### Records contained in a dataset
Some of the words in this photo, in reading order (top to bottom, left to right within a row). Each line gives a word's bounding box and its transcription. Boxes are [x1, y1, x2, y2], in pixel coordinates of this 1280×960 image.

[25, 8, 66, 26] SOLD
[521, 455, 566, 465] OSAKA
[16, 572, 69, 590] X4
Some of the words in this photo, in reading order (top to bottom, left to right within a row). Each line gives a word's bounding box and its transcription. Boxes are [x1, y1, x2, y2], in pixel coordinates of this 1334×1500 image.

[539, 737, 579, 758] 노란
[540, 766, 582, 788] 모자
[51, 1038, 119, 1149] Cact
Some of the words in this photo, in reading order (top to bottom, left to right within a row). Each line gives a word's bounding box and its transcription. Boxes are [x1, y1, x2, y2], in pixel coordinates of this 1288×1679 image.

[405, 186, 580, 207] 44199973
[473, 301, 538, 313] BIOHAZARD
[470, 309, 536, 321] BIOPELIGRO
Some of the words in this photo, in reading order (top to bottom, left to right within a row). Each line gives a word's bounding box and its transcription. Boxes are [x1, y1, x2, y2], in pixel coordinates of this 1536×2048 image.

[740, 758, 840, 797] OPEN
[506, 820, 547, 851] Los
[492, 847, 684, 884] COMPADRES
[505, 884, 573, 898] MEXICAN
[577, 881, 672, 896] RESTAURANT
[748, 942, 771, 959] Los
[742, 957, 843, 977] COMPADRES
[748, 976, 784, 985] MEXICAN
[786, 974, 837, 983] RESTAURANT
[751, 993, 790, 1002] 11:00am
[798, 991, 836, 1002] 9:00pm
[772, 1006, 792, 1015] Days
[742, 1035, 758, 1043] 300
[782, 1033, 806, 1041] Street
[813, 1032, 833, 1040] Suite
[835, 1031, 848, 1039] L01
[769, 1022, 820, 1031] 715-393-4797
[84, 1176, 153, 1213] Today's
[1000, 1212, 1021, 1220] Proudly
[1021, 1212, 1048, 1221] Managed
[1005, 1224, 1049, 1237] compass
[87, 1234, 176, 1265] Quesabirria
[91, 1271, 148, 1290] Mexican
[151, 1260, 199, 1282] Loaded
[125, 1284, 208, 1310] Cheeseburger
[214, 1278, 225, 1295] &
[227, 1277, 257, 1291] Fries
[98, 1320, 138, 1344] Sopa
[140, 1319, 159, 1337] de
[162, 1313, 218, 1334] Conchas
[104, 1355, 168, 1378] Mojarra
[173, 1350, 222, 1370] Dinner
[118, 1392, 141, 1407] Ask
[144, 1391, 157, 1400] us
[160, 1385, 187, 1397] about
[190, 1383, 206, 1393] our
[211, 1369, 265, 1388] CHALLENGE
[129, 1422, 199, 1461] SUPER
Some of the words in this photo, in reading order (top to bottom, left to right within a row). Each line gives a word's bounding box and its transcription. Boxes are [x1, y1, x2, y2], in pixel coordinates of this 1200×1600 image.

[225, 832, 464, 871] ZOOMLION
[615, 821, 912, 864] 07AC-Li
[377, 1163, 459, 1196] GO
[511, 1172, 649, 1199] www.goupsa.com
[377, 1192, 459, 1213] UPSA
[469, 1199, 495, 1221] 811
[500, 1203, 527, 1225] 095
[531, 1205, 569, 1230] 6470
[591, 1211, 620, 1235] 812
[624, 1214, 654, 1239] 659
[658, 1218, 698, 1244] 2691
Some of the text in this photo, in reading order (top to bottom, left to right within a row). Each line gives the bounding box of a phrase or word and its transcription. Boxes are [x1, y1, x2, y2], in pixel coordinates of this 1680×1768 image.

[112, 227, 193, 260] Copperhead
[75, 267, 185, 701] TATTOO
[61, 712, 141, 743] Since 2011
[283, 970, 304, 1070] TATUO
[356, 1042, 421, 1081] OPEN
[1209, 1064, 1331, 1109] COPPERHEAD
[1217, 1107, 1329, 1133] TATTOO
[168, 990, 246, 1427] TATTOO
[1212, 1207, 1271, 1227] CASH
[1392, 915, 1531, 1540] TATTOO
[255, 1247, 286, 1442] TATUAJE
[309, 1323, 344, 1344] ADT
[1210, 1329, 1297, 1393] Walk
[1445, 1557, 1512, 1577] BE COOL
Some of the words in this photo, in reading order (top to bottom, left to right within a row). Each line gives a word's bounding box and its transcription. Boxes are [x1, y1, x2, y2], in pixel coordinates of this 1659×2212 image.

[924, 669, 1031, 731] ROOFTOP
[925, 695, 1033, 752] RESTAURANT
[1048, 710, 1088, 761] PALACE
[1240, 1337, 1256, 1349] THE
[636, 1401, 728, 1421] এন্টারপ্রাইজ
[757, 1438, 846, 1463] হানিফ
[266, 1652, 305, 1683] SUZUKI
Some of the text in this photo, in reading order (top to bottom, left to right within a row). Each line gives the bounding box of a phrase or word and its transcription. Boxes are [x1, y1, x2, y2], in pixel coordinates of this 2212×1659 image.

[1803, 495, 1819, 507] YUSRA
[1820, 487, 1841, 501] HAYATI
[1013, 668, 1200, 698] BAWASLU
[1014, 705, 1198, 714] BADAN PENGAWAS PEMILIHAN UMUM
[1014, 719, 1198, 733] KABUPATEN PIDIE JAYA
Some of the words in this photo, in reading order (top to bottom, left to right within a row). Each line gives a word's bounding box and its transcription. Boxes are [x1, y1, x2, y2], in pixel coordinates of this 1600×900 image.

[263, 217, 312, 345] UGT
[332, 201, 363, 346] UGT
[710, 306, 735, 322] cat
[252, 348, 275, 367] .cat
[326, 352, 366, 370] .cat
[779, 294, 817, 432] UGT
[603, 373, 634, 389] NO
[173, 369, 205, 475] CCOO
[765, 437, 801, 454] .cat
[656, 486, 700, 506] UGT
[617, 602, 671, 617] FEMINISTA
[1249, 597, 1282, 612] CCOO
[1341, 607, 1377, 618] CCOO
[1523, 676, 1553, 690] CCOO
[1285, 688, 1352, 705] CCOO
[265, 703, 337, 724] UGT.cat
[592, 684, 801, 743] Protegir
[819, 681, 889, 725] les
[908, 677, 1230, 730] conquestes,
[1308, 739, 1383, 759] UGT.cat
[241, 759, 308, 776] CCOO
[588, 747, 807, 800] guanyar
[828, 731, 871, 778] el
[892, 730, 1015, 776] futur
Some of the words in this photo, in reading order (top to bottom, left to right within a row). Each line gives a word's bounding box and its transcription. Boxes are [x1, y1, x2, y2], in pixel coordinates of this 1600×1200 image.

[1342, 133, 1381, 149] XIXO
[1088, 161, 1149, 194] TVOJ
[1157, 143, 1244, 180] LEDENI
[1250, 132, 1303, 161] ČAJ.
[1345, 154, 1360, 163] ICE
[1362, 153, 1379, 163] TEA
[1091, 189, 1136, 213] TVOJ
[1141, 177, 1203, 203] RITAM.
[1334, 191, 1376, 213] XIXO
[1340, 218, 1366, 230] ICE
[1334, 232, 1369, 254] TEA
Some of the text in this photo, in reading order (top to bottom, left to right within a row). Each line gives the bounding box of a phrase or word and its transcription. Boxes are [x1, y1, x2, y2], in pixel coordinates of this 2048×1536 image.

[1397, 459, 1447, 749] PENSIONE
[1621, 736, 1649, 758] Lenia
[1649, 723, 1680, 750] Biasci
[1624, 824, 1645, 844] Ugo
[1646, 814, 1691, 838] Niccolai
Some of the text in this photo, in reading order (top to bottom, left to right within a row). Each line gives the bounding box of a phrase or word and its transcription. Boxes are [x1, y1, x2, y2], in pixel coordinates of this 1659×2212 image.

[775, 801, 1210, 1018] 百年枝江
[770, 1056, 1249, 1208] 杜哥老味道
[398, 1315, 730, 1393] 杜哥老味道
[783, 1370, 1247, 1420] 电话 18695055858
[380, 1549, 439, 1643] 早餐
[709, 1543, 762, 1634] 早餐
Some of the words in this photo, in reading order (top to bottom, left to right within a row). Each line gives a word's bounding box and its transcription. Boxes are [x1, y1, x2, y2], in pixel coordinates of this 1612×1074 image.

### Directions
Reproduce the line that contains "this 2048×1536 image." and each line after it through the last line of the entries above, exactly; leave out all earlier lines.

### Response area
Some of the text in this photo, in reading order (top to bottom, left to right within a row). Each line gives the bounding box of a phrase or word and its transcription. Boxes are [x1, y1, x2, y2], in pixel coordinates of this 2048×1536 image.

[1397, 459, 1447, 749] PENSIONE
[1621, 736, 1649, 758] Lenia
[1649, 723, 1680, 750] Biasci
[1624, 824, 1645, 844] Ugo
[1646, 814, 1691, 838] Niccolai
Some of the text in this photo, in reading order (top to bottom, left to right within a row). Each line gives the bounding box of a phrase or word and its transcription. Boxes are [x1, y1, x2, y2], in pixel coordinates of this 1659×2212 image.

[775, 801, 1210, 1018] 百年枝江
[770, 1056, 1249, 1208] 杜哥老味道
[398, 1315, 730, 1393] 杜哥老味道
[783, 1370, 1247, 1420] 电话 18695055858
[380, 1549, 439, 1643] 早餐
[709, 1543, 762, 1634] 早餐
Some of the words in this photo, in reading order (top to bottom, left to right within a row). Each line gives a word's bounding box and its transcription. Boxes are [x1, y1, x2, y2], in pixel coordinates of this 1612×1074 image.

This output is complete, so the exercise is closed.